There are a lot of things to love about the whole open carry movement. For one thing, the fervent belief that firearms should be carried by all people at all times has translated to some, shall we say, interesting moments in daily life.
Open carry proponents have showed up at restaurants and stores and on street corners to tote their weapons in public, all while wearing smiles and acting as friendly as Ned Flanders. Yes, the movement has also led to some awkward incidents like the time Open Carry Texas members planned to march through the Fifth Ward, which would have translated, at least optics-wise, to a bunch of white guys with guns marching through a historically black neighborhood. Then there were the times that Target and Chili's and Starbucks and Chipotle asked those who openly carry their weapons to please refrain from doing so in their stores.
But the thing that is most striking about the open carry folks is how much they don't care what people think, how convinced they are that their way is the right way and that those not comfortable with their guns are just "uninformed." Nowhere is this narrow-as-a-gun-barrel on view of the world as prominently on display as in the children's book, My Parents Open Carry: An Open Carry Adventure.

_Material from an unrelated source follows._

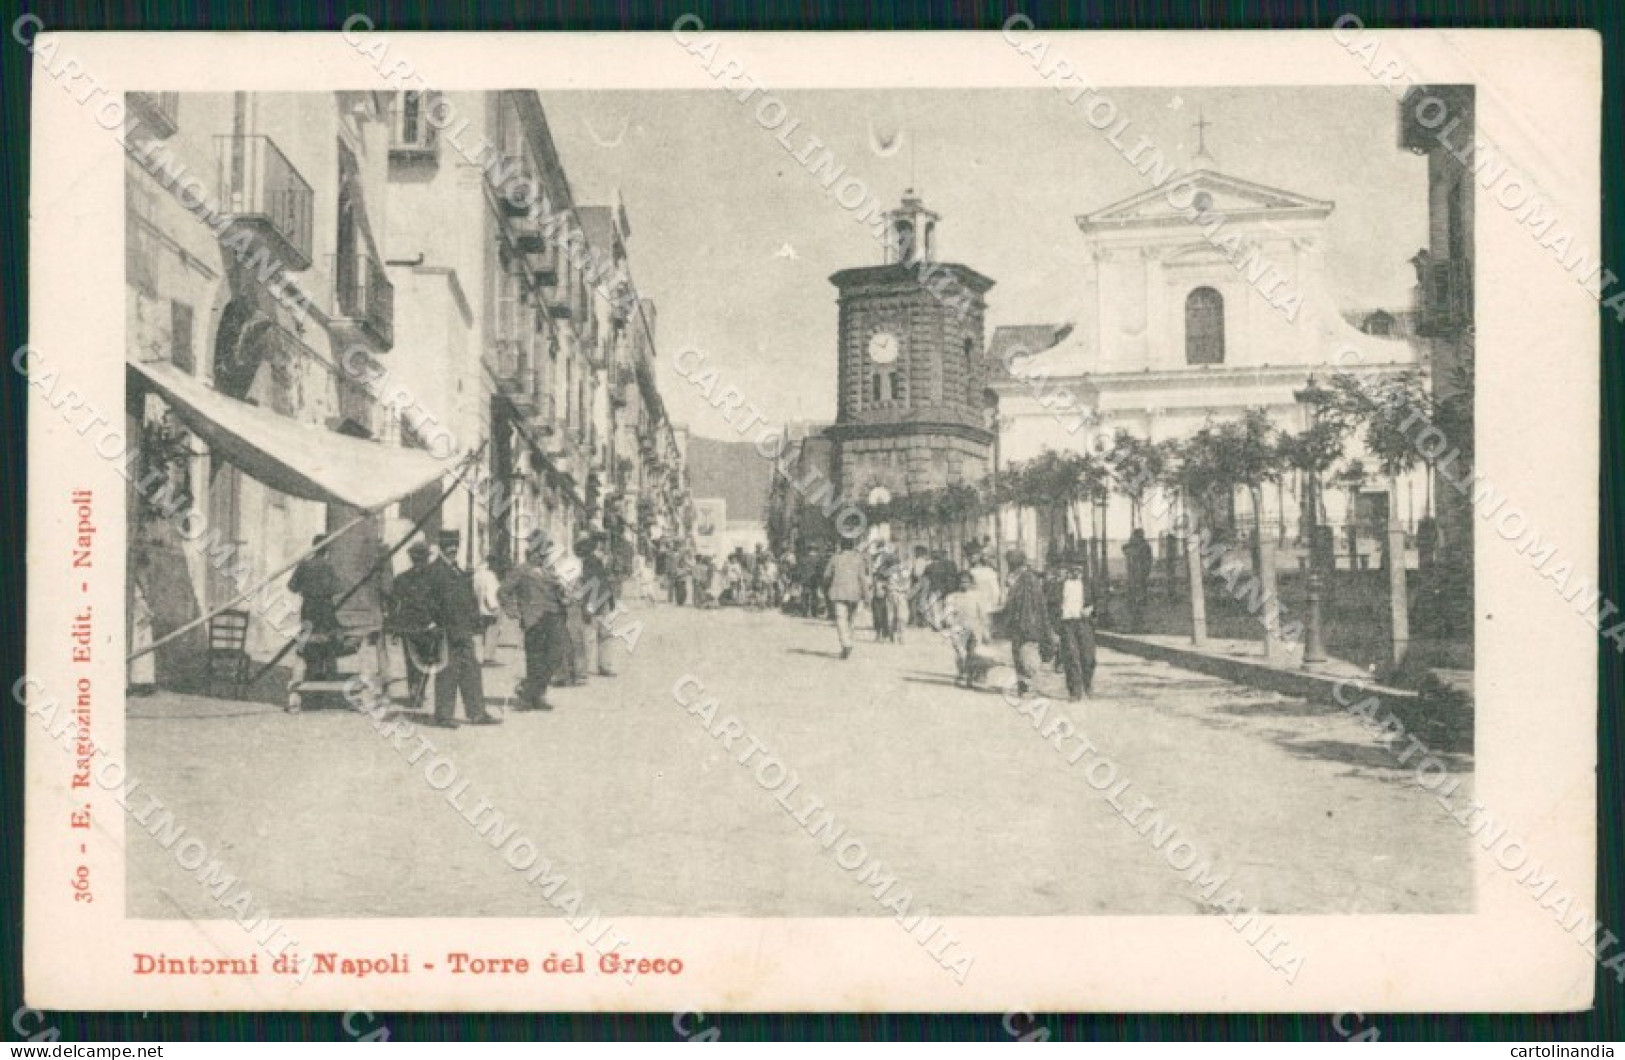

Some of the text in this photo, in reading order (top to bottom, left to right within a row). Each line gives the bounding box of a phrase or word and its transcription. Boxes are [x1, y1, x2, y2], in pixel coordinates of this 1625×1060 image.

The book, written by a couple of guys from Open Carry Michigan, is probably going to go down in the annals of literary history alongside Ted Cruz, the coloring book, and all the other children's books ever concocted as another way of advancing political arguments at a truly grass roots level. It's great because the authors of My Parents Open Carry don't give a dang what anyone thinks, which sure makes for some entertaining reading. They even put blurbs of praise from both Glenn Beck AND Stephen Colbert on the back of their book.
So let's go over some of the life lessons contained in the pages of My Parents Open Carry.

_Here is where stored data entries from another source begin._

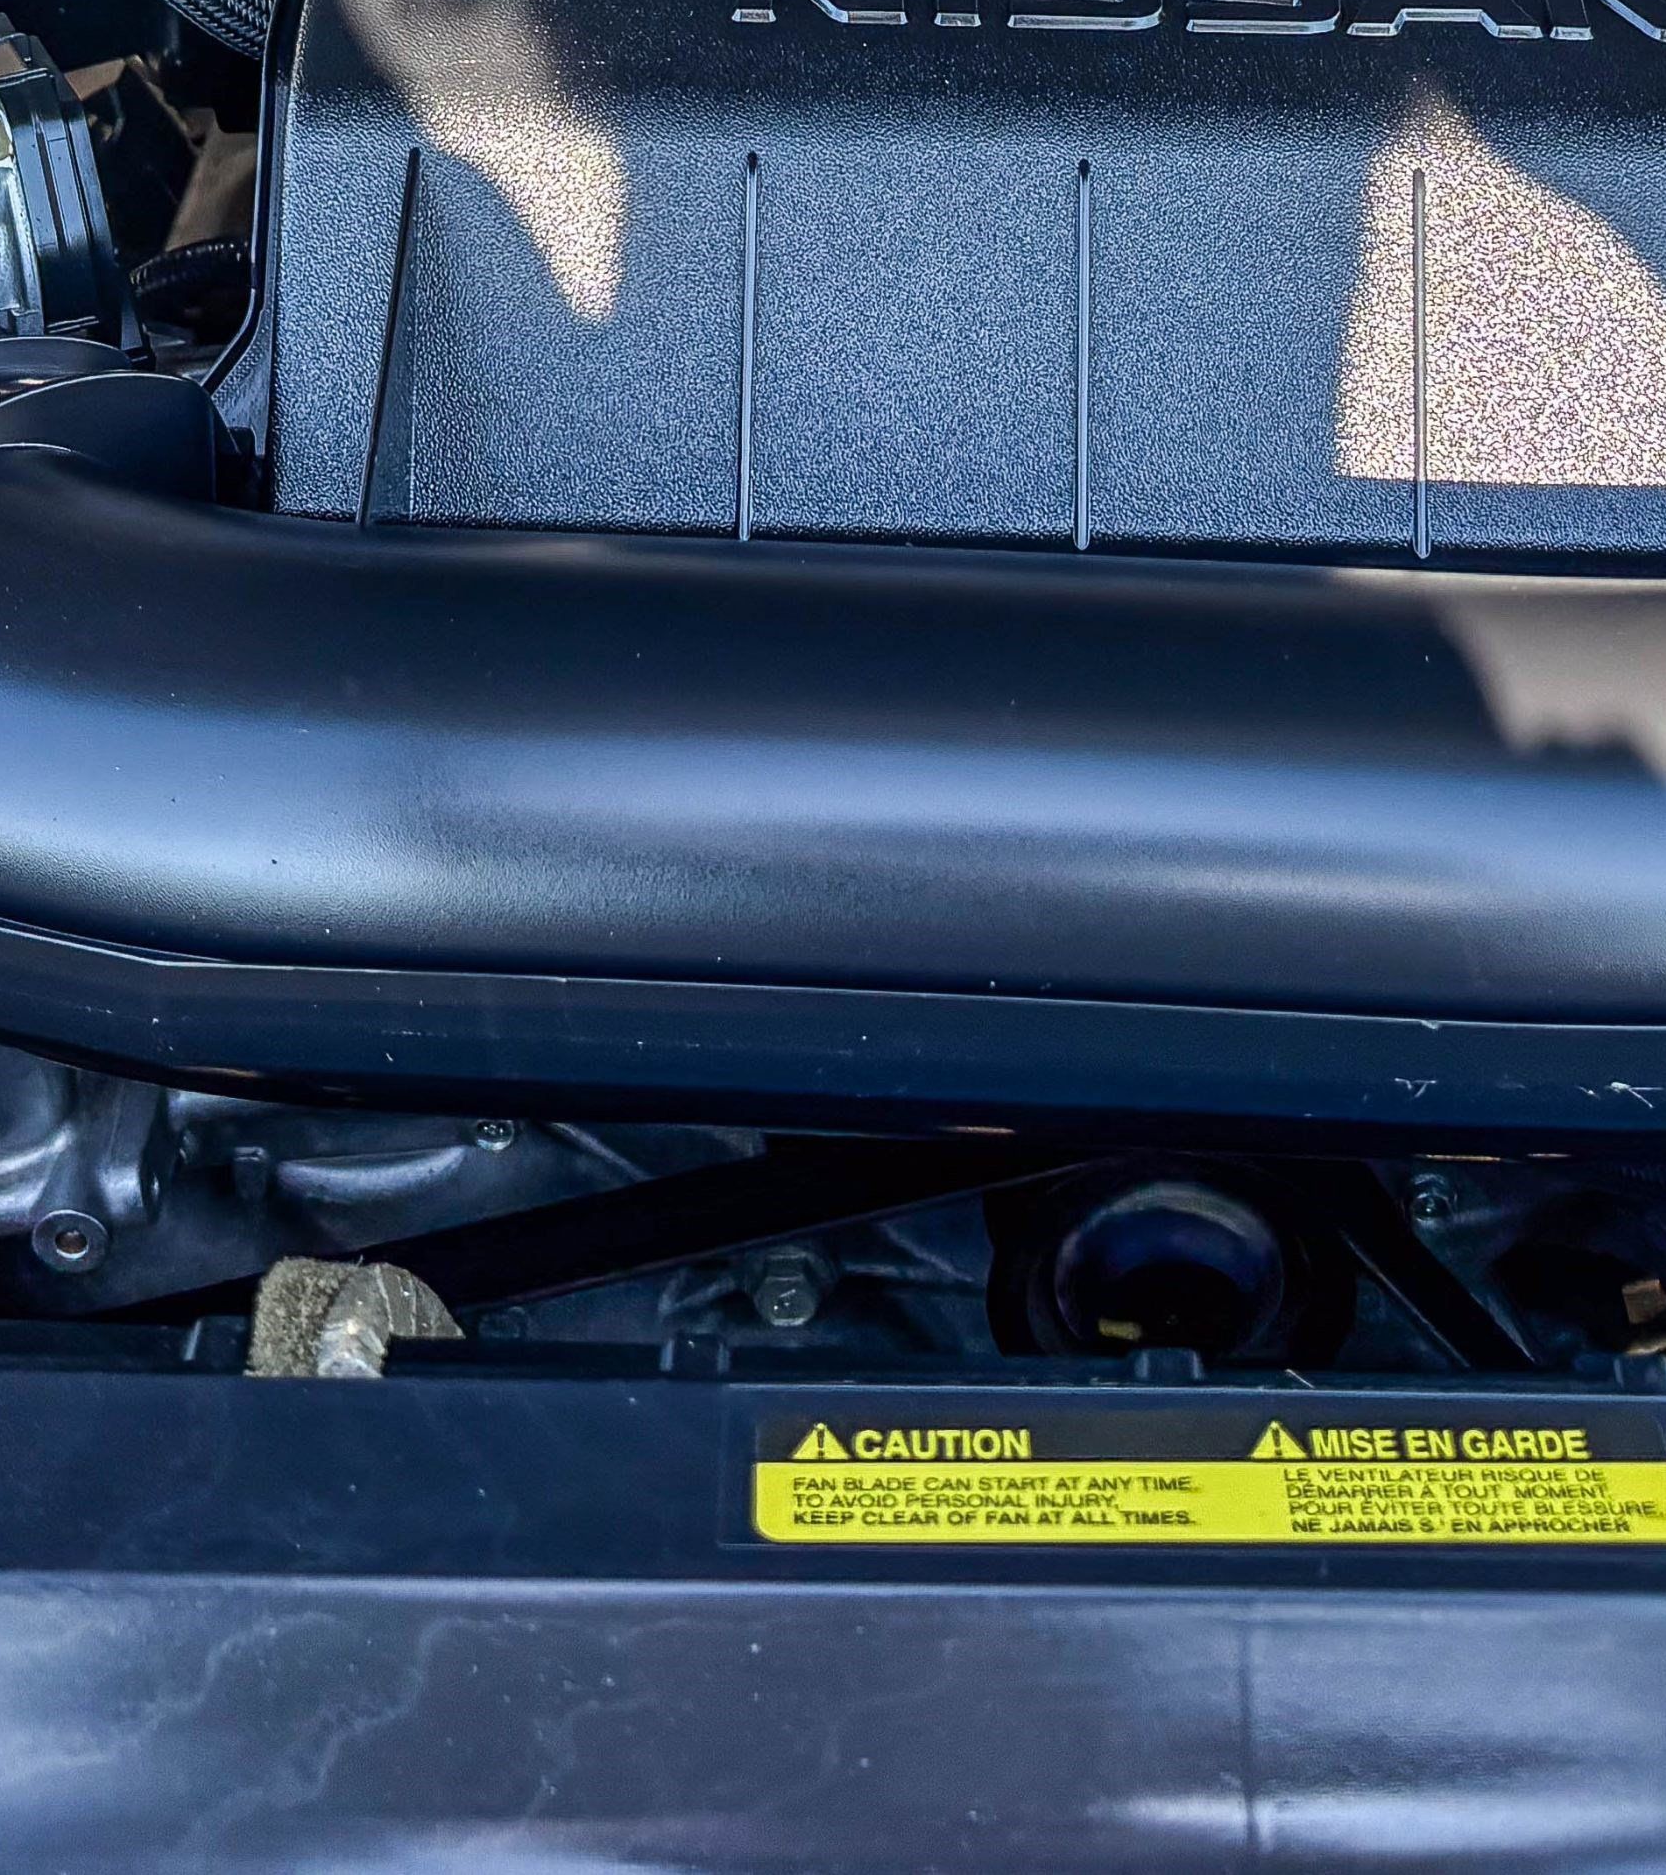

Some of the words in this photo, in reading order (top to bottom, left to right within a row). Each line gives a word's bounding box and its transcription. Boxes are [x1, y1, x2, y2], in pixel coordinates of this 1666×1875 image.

[853, 1428, 1031, 1460] CAUTION
[1310, 1428, 1399, 1460] MISE
[1404, 1428, 1457, 1460] EN
[1462, 1428, 1590, 1460] GARDE
[793, 1476, 836, 1491] FAN
[842, 1476, 917, 1491] BLADE
[925, 1476, 973, 1491] CAN
[977, 1476, 1049, 1491] START
[1055, 1476, 1083, 1491] AT
[1087, 1476, 1132, 1491] ANY
[1283, 1468, 1309, 1483] LE
[1316, 1468, 1473, 1483] VENTILATEUR
[1482, 1468, 1568, 1483] RISQUE
[1575, 1468, 1606, 1483] DE
[1286, 1483, 1415, 1499] DÉMARRER
[1444, 1483, 1501, 1499] TOUT
[794, 1493, 823, 1509] TO
[829, 1493, 899, 1509] AVOID
[905, 1493, 1027, 1509] PERSONAL
[1289, 1500, 1352, 1518] POUR
[1360, 1500, 1444, 1518] ÉVITER
[1450, 1500, 1527, 1518] TOUTE
[793, 1510, 854, 1526] KEEP
[861, 1510, 940, 1526] CLEAR
[948, 1510, 978, 1526] OF
[985, 1510, 1032, 1526] FAN
[1036, 1510, 1064, 1526] AT
[1069, 1510, 1115, 1526] ALL
[1291, 1517, 1322, 1534] NE
[1329, 1517, 1409, 1534] JAMAIS
[1451, 1517, 1482, 1534] EN
[1488, 1517, 1632, 1534] APPROCHER

5. Anyone who questions the choice to openly carry is obviously just ill-informed. The book covers an average Saturday in the subtly-named Strong family. Before they leave the house to run errands Saturday morning, young Brenna's father and mother each retrieve their firearms from the family gun safe. Why? Well, because of the evil, you see.
"Brenna could plainly see her parent's guns secured in their holsters on their hips. She was reminded of what her mom and dad always told her. Dad would always say, 'Brenna, there is evil in this world, and we want to protect you the best we can.' Mom would add, 'We are responsible for our own safety, and, and, as an adult someday you will be responsible for your safety' .... They both liked to say, 'When seconds count, the police are minutes away.'"

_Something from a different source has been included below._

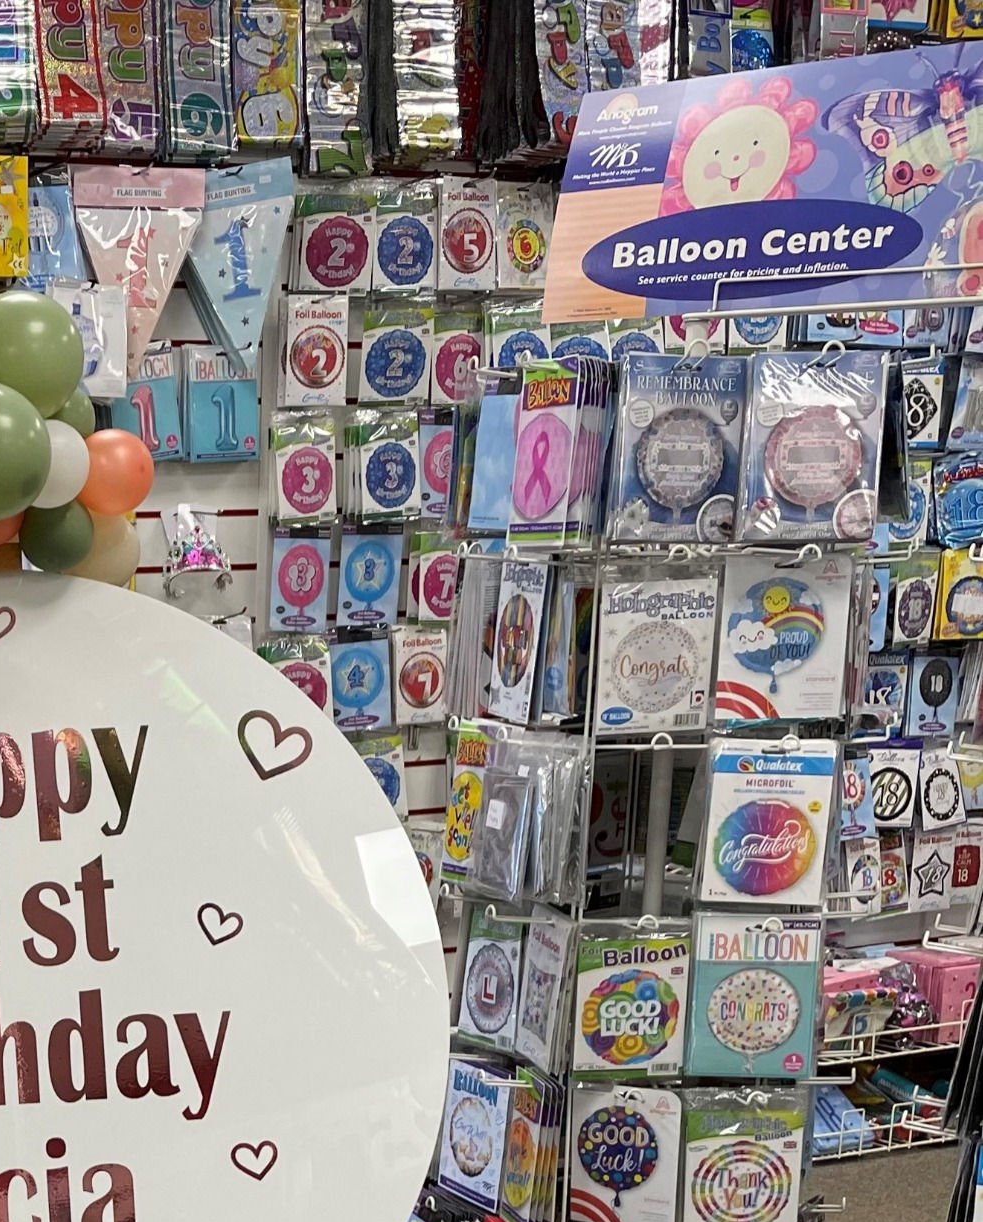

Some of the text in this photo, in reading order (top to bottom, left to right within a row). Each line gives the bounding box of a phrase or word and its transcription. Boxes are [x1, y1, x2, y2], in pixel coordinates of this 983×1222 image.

That last bit is something of a theme throughout the book, 24 pages, including a glossary of definitions at the back. Anyway, so once that philosophy of the world has been explained, Brenna and family go out and about. A neighbor sees the guns and vocally praises what the Strong family is doing (his name is Mr. Wright and he's totally not being incredibly supportive because his neighbors are constantly armed even though we haven't heard even a rumbling of a possible zombie attack in the pages of this story.)
While Mr. Wright has the right idea (get it?) an unnamed mother (we shall dub her Mrs. Wrong) catches sight of the guns in the supermarket and pulls her children away, generally reacting in an unfriendly manner. It's because she's uninformed, see. Because to question the wisdom of always packing heat -- despite the guy in Oregon who just had his openly carried weapon openly stolen -- is just plain old fashioned ignorance y'all. Does this stance make sense? Nah, but it's the stance they're using anyway.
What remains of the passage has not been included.